By |2019-03-15T10:50:09+00:00March 15th, 2019|Categories: altruistic surrogacy, Blog, costs of surrogacy, surrogate, surrogate partner|

It is a fact universally known, that altruistic surrogates don’t like to talk about money. We don’t like asking for money, and we’d rather spend our own money than burden our intended parents. We feel that any talk about money can undermine the altruism of the gift that we’re giving. And let’s be honest, no one really likes talking about money. But in surrogacy arrangements, you kind of have to grin and bear it, because you have to talk about money at some stage.

The number one rule of altruistic surrogacy is: the surrogate should never be out of pocket. Altruistic surrogacy does not mean free. Surrogates are already putting themselves and their family’s well-being at risk by carrying a baby for someone else – they shouldn’t be financially worse off for doing it. Whilst there are legal frameworks for what expenses should be covered, the rule of thumb should be  that if it’s surrogacy, pregnancy or birth-related, the intended parents should be covering it. If it’s an expense that the surrogate wouldn’t have incurred if she weren’t pregnant with someone else’s baby, then the intended parents should be covering it.

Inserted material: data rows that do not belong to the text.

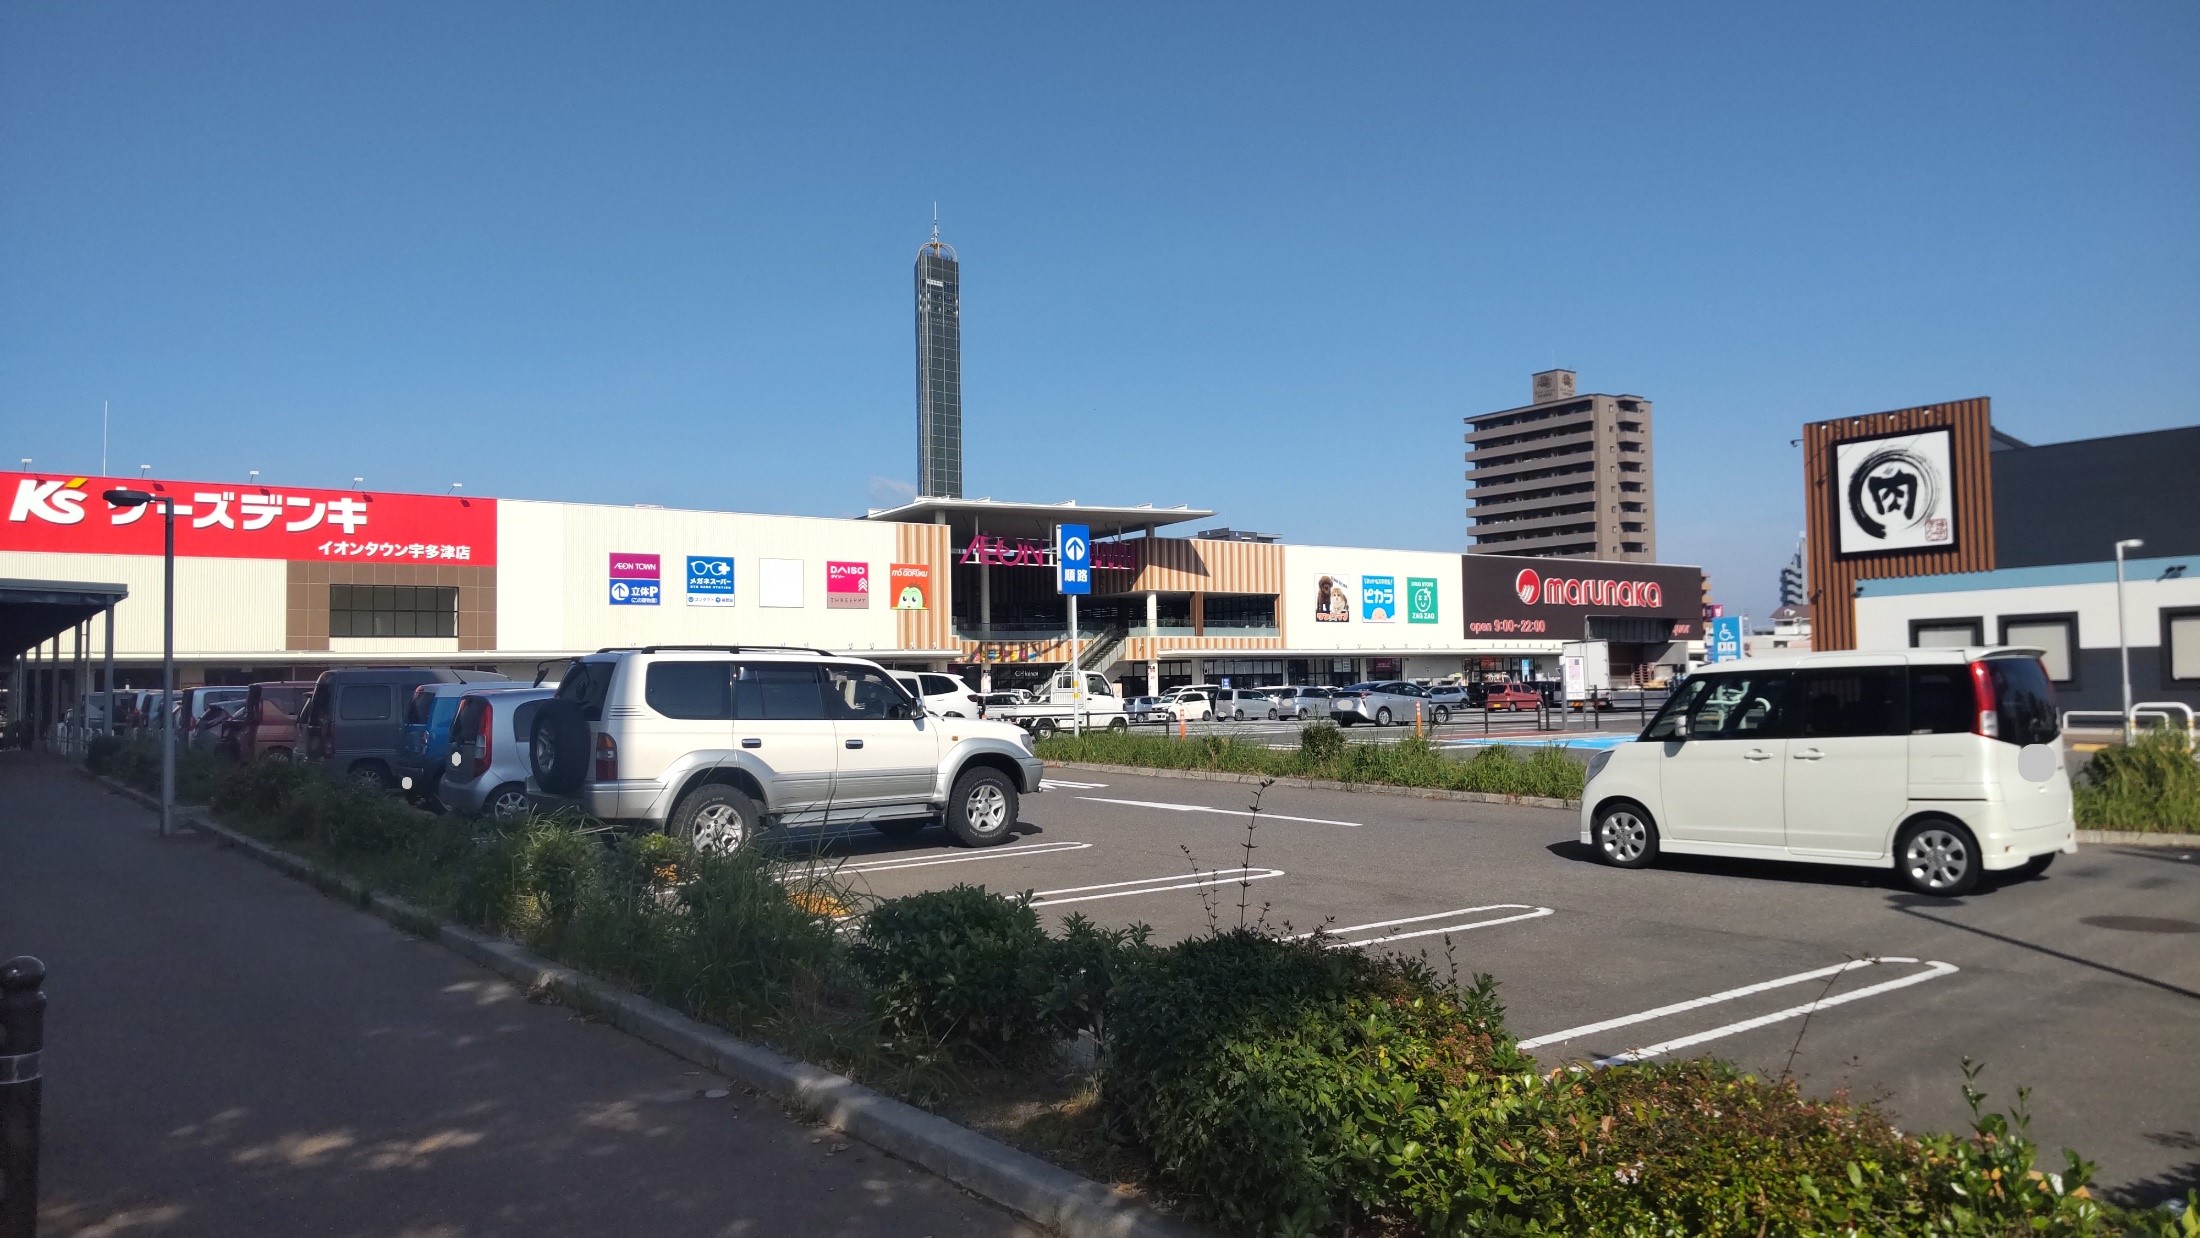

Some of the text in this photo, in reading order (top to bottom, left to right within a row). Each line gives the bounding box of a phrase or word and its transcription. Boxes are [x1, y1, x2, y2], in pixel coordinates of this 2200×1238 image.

[9, 477, 88, 525] K's
[318, 541, 471, 560] イオンタウン宇多津店
[830, 566, 865, 574] DAISO
[1064, 568, 1088, 582] 順路
[631, 585, 659, 597] 立体P
[1363, 588, 1393, 604] ピカラ
[1544, 578, 1663, 608] marunaka
[1470, 622, 1493, 635] open
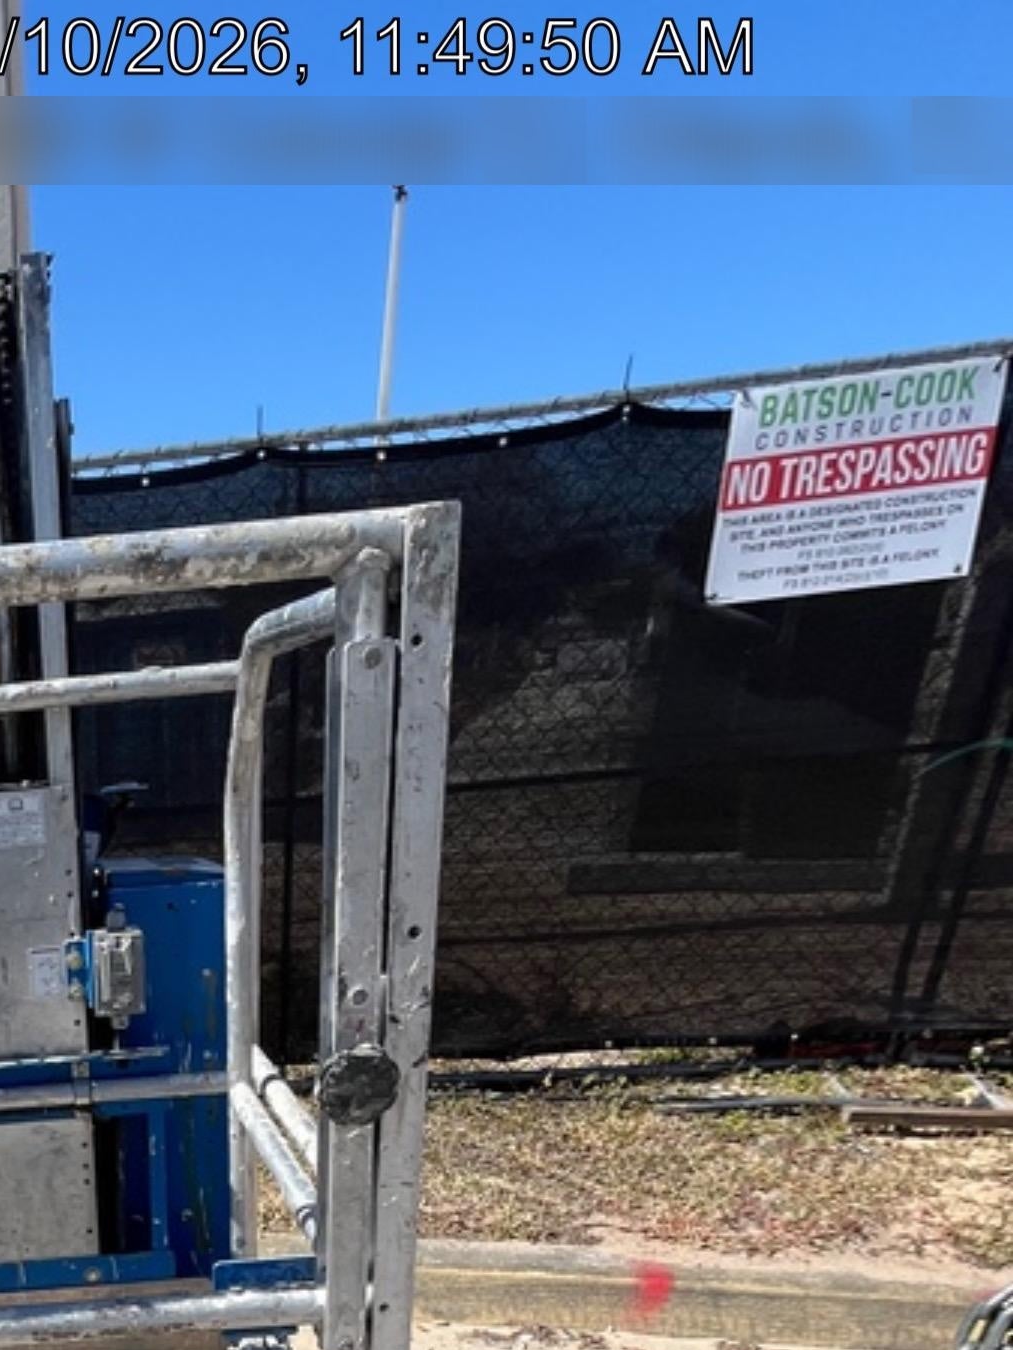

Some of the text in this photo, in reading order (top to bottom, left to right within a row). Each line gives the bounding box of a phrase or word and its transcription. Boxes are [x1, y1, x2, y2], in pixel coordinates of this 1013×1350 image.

[758, 366, 980, 428] BATSON-COOK
[755, 406, 973, 450] CONSTRUCTION
[727, 434, 988, 506] NO TRESPASSING
[752, 511, 782, 523] AREA
[810, 499, 881, 516] DESIGNATED
[884, 488, 977, 507] CONSTRUCTION
[869, 505, 943, 522] TRESPASSES
[769, 535, 830, 549] PROPERTY

So how do you have the conversation if she won’t talk about it? Well, in some ways you need to take it out of her hands. Make it as easy as possible for her, and make sure she’s never out of pocket. The easiest and least stressful option to ensure surrogates are not out of pocket is not to reimburse them after she’s paid for something, but to provide her with access to funds ahead of time. Many teams find the easiest way to manage expenses is to provide the surrogate with a bank card with direct access to the intended parents’ bank account. This way, the surrogate can use the card for expenses, there’s no need for reimbursing after she’s spent her own money, and there’s a record in the intended parents’ bank account of any expenses she’s incurred.

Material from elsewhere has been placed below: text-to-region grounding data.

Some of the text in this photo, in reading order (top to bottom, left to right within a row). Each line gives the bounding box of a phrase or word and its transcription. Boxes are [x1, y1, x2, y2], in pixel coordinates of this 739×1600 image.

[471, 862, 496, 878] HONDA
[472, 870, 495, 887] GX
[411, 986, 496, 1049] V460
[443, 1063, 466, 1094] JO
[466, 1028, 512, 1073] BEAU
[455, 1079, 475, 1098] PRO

As for the tough conversations about what everyone agrees is to be covered and how much, these are best had as a team, and both in and out of counselling. Don’t rely on the counselling to cover it all – utilise the counselling as a starting place for ongoing conversations. Recognise that it’s awkward. And in particular, recognise that the surrogate is likely to minimise her needs and will likely say “it’s fine” and “don’t worry about it.” The intended parents need to be proactive about money – don’t wait for the surrogate to ask for money or request a certain expense. The chances are, if she wants a new maternity bra, she’ll spend her own money to buy it. The intended parents need to be assertive enough to insist that she spend their money on those expenses, and not take no for an answer.

Surrogate partners can also play a role in the money conversation. They’re one step removed from the pregnancy, and might find it easier to have hard conversations with the intended parents about expenses. The surrogate doesn’t want her altruism undermined by money conversations, whilst her partner can make sure there’s money secured for a cleaner, and that her request for maternity clothing is met. She can then feel comfort knowing that the conversations are being had, but that she can focus on herself and the baby.

Here’s my 5 tips to ensure money doesn’t kill the relationship:

  1. Have pre-conception agreements about how money stuff should be dealt with.
  2. Have a linked card for the surrogate to utilise to pay bills etc so she doesn’t have to ask for money or reimbursement.
  3. Nominate a communication avenue to discuss money. Have it in writing, email or text, to avoid confusion.
  4. Nominate a spokesperson from each team to discuss money.
  5. Keep it unemotional and business-like.

Hi! I’m Sarah Jefford. I’m a surrogacy, fertility and family lawyer. I’m also an IVF Mum, an egg donor and a traditional surrogate, and I delivered a baby for her Dads in 2018.

I promote positive, empowered altruistic surrogacy arrangements within Australia, and provide support and education to help intended parents make informed decisions when pursuing overseas surrogacy.

You can get in touch with me through the options below.

Contact Me

PO Box 366, Batman VIC 3058

Phone: 0400481703

Surrogate Partners: The Unsung Heroes

By |2019-03-06T02:37:54+00:00March 6th, 2019|Categories: altruistic surrogacy, Australia, Blog, fatherhood, surrogate partner|

There’s a few heroes in the story of surrogacy – but none more unassuming than the surrogate’s partner. Our partners don’t ask to go down this path, and the rewards for them are few and far between. But their support is crucial, and without it, most of us wouldn’t be able to carry a baby for someone else. There is no ‘i’ in surrogacy – it’s a team effort, and the surrogate’s partner is as much part of the team as the surrogate herself.

Surrogate partners, including my husband Troy and Emmy’s husband Danny – both of whom have shared their experiences in the Podcast – are two such partners who have  can give insight into what it’s like when your partner announces that she wants to carry a baby for another family.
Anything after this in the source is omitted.